WORK INSTRUCTION: Repeat, without any change, the entries presented below.

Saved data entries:
Segment Open

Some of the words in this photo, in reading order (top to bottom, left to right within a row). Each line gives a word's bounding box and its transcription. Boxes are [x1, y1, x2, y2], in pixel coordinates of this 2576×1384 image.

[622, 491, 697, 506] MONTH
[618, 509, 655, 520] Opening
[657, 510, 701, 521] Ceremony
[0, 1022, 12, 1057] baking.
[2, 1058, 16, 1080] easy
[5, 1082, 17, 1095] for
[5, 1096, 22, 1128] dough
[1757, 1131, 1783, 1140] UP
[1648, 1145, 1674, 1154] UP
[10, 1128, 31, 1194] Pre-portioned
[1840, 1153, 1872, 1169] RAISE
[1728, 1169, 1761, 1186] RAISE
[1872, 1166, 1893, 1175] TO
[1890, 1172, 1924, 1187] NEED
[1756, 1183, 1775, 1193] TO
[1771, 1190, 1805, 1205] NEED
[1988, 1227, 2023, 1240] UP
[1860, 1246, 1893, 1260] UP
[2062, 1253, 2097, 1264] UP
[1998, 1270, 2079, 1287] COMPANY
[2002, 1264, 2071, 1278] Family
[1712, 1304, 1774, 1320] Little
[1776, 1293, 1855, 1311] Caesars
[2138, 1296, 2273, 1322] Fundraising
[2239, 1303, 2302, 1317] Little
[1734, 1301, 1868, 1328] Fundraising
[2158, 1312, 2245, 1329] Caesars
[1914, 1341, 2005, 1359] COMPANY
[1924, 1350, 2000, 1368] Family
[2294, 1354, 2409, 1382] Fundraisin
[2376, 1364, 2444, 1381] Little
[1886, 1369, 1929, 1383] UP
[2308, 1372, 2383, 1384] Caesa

Segment Closed

SOLUTION:
Some of the words in this photo, in reading order (top to bottom, left to right within a row). Each line gives a word's bounding box and its transcription. Boxes are [x1, y1, x2, y2], in pixel coordinates of this 2576×1384 image.

[622, 491, 697, 506] MONTH
[618, 509, 655, 520] Opening
[657, 510, 701, 521] Ceremony
[0, 1022, 12, 1057] baking.
[2, 1058, 16, 1080] easy
[5, 1082, 17, 1095] for
[5, 1096, 22, 1128] dough
[1757, 1131, 1783, 1140] UP
[1648, 1145, 1674, 1154] UP
[10, 1128, 31, 1194] Pre-portioned
[1840, 1153, 1872, 1169] RAISE
[1728, 1169, 1761, 1186] RAISE
[1872, 1166, 1893, 1175] TO
[1890, 1172, 1924, 1187] NEED
[1756, 1183, 1775, 1193] TO
[1771, 1190, 1805, 1205] NEED
[1988, 1227, 2023, 1240] UP
[1860, 1246, 1893, 1260] UP
[2062, 1253, 2097, 1264] UP
[1998, 1270, 2079, 1287] COMPANY
[2002, 1264, 2071, 1278] Family
[1712, 1304, 1774, 1320] Little
[1776, 1293, 1855, 1311] Caesars
[2138, 1296, 2273, 1322] Fundraising
[2239, 1303, 2302, 1317] Little
[1734, 1301, 1868, 1328] Fundraising
[2158, 1312, 2245, 1329] Caesars
[1914, 1341, 2005, 1359] COMPANY
[1924, 1350, 2000, 1368] Family
[2294, 1354, 2409, 1382] Fundraisin
[2376, 1364, 2444, 1381] Little
[1886, 1369, 1929, 1383] UP
[2308, 1372, 2383, 1384] Caesa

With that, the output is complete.